● Work task
Where the lines below hold images, skip those and copy every word exactly.

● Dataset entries
====
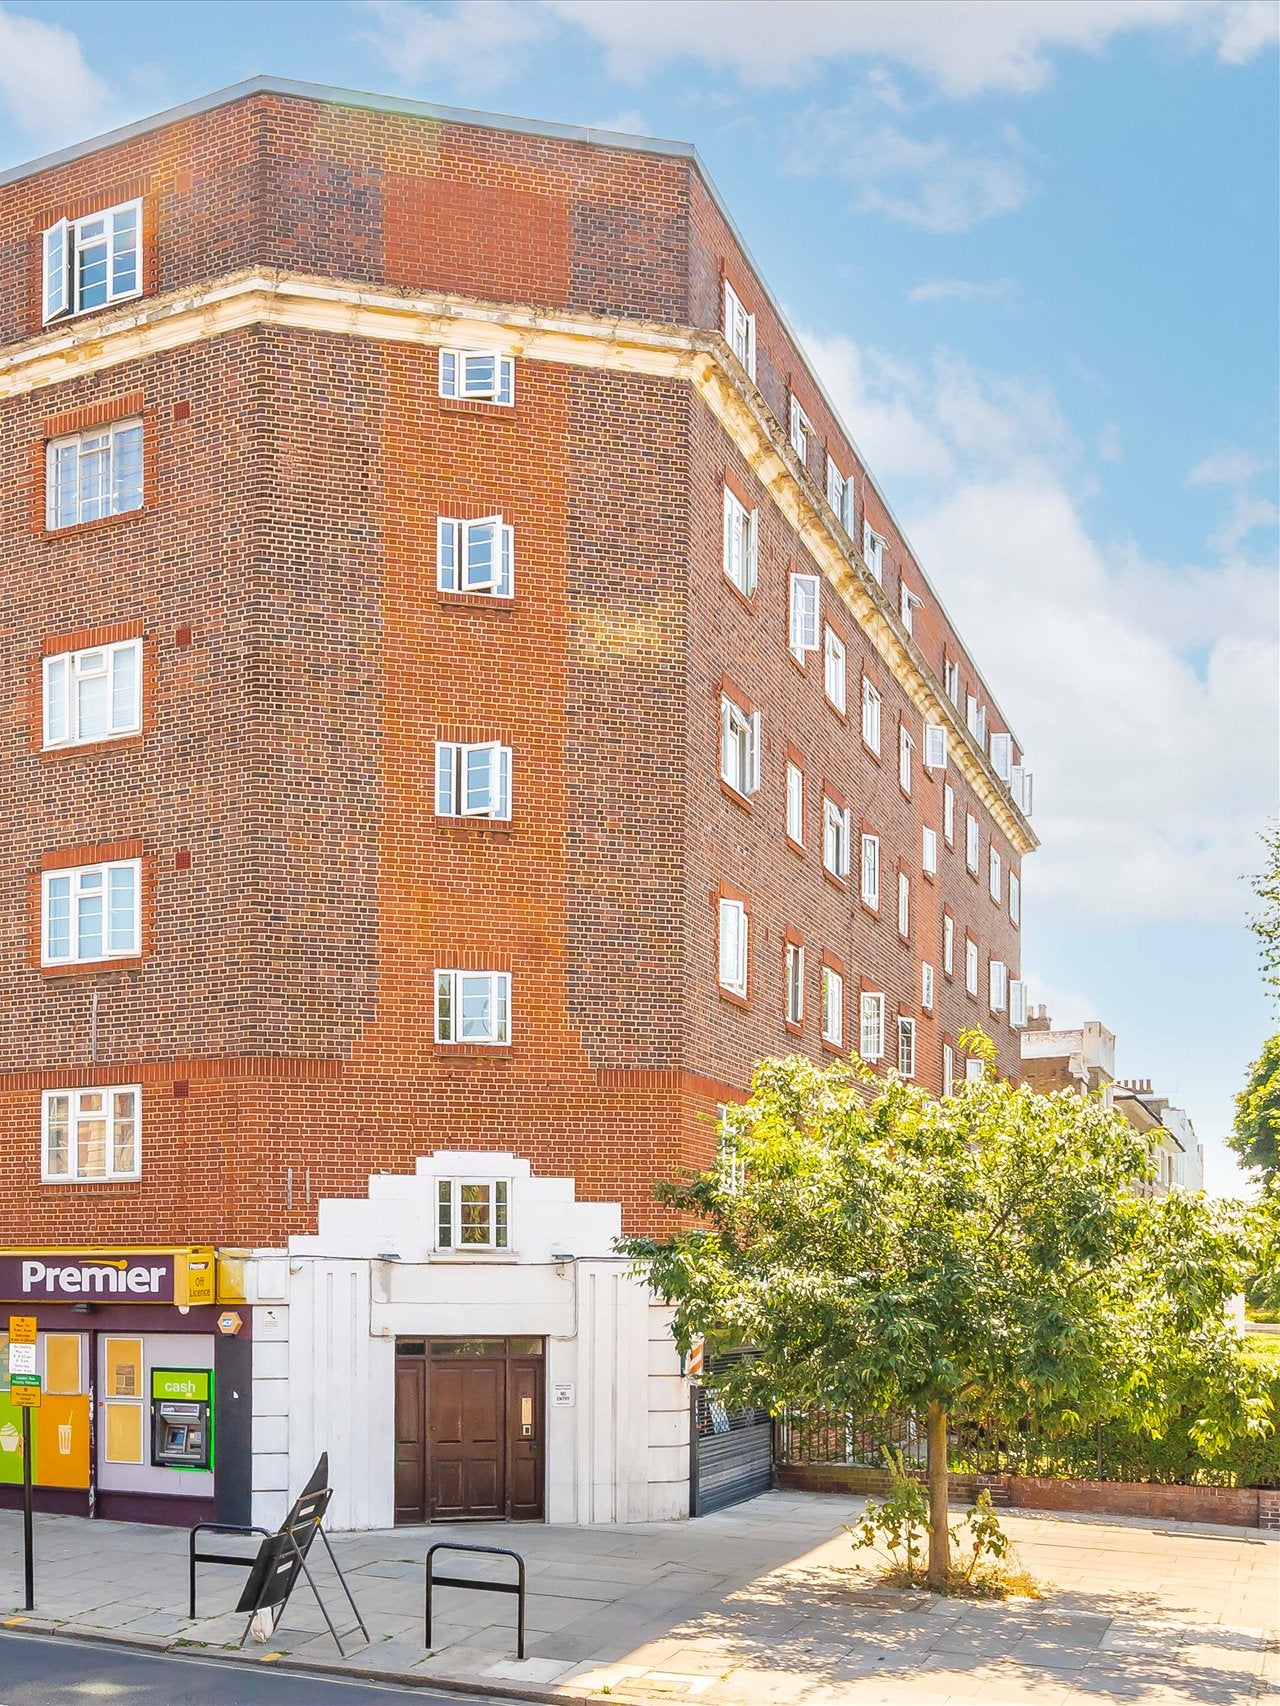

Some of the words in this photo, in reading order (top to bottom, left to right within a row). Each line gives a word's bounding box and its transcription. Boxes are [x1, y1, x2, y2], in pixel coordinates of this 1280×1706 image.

[190, 1262, 206, 1270] Premier
[22, 1260, 167, 1293] Premier
[195, 1277, 204, 1286] Off
[190, 1288, 210, 1297] Licence
[164, 1380, 196, 1392] cash
====
● Answer to the exercise
Some of the words in this photo, in reading order (top to bottom, left to right within a row). Each line gives a word's bounding box and its transcription. Boxes are [x1, y1, x2, y2], in pixel coordinates of this 1280×1706 image.

[190, 1262, 206, 1270] Premier
[22, 1260, 167, 1293] Premier
[195, 1277, 204, 1286] Off
[190, 1288, 210, 1297] Licence
[164, 1380, 196, 1392] cash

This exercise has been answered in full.